I am not sure this start is good enough. I would be much more encouraged to have a list of the same problems and then a report of how the executive team is going about to improve their personal competency (through lean learning and practice) to address the system problems above and below.
The article does not say that they are not working on this so my optimistic side is encouraged and agreeing that at least they are starting to do things differently.
My personal reality is that it is quite easy to make even a substantial single point lean improvement, but a bunch of point improvements don’t make for a lean organization.
I appreciate Chris Chapman’s comment clarifying the layoffs that happened to coincide with the implementation of lean. Lean is difficult enough to implement in an organization’s culture. The changes that lean inspires can cause enough fear in staff without stories about lean caused layoffs circulating as well.
Any implementation of lean in healthcare that produces improvement is a victory, I believe. There will never be “big” victories for lean in healthcare without “small” victories first!
Thanks Chris for the focus and balanced responses. The layoffs were necessary to get our fiscal house in order. The result of which has been a complete fiscal recovery within 2 years (we’re now in the black even with no funding increases) and our quality, access and safety metrics have improved.

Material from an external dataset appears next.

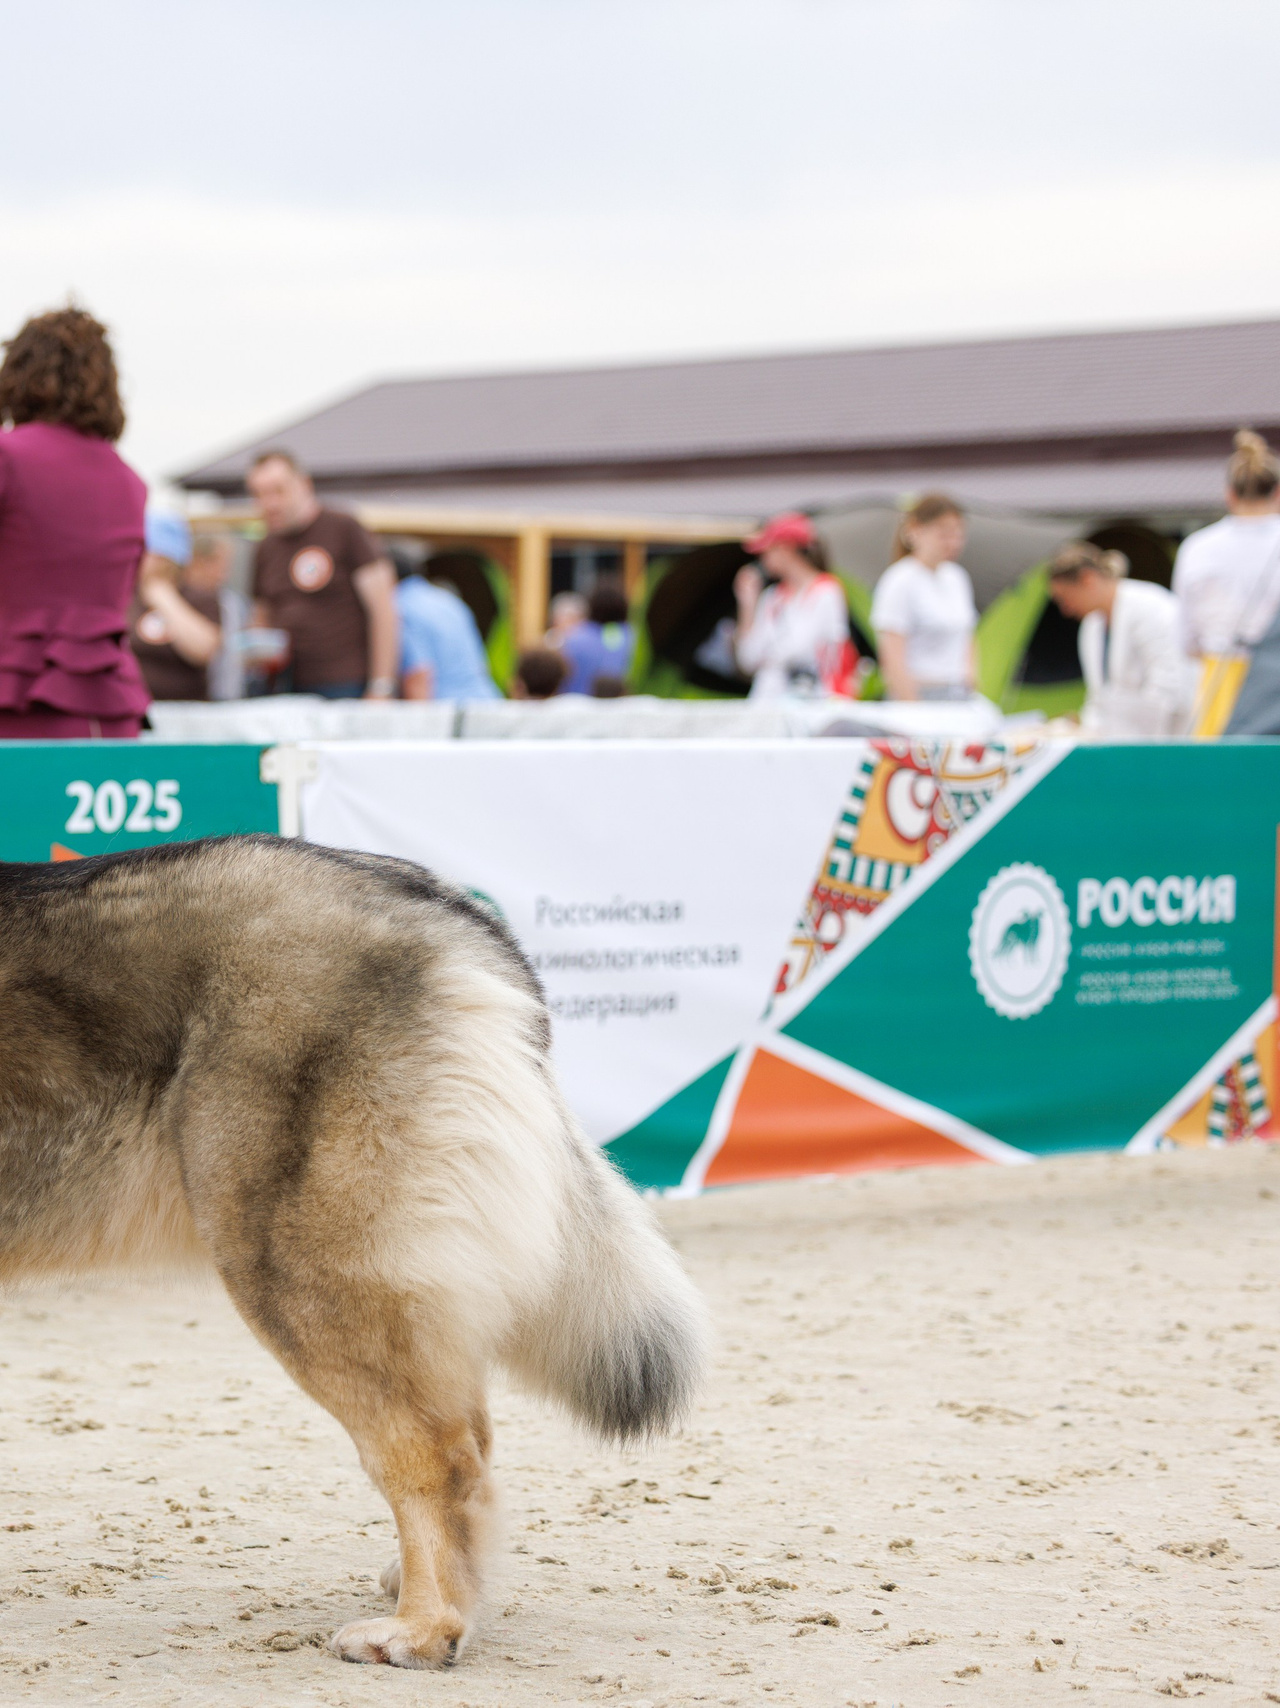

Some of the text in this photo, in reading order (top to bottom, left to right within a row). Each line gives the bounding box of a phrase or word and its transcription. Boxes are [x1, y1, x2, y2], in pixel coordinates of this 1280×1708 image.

Getting out of red ink was difficult on our people (just a note that only two people left our employment unwillingly – the remainder took early retirements, accepted buy-outs or were reassigned to other vacant positions) but relatively straightforward- right size our resources to the service levels we were actually providing and improve efficiency. The second goal (maintaining quality, safety etc…) was where LEAN really paid off. By the way, we also added new programs during this time for cardiac care (angioplasty), vascular surgery (as a regional provider to many hospitals), and cancer radiation bunker (under constructions).
LEAN – with the ongoing dedication of our staff, physicians and volunteers – works! And while I can understand what Anonymous is saying, I also wonder about the sustainability of LEAN when the big picture is the first step. Such efforts are very worthwhile but generally entail extended timeframes – making ongoing engagement and commitment of physicians and staff even more challenging.
Our current efforts are two pronged (1) continue with targeted LEAN improvements – extending the scope and penetration and (2) developing the larger formal and sustainable organization-wide LEAN program. AT PRHC LEAN is becoming a culture. It is also a journey.
Thanks for the comments… looking forward to reading the next two articles that are supposed to appear. Good luck with your improvement work.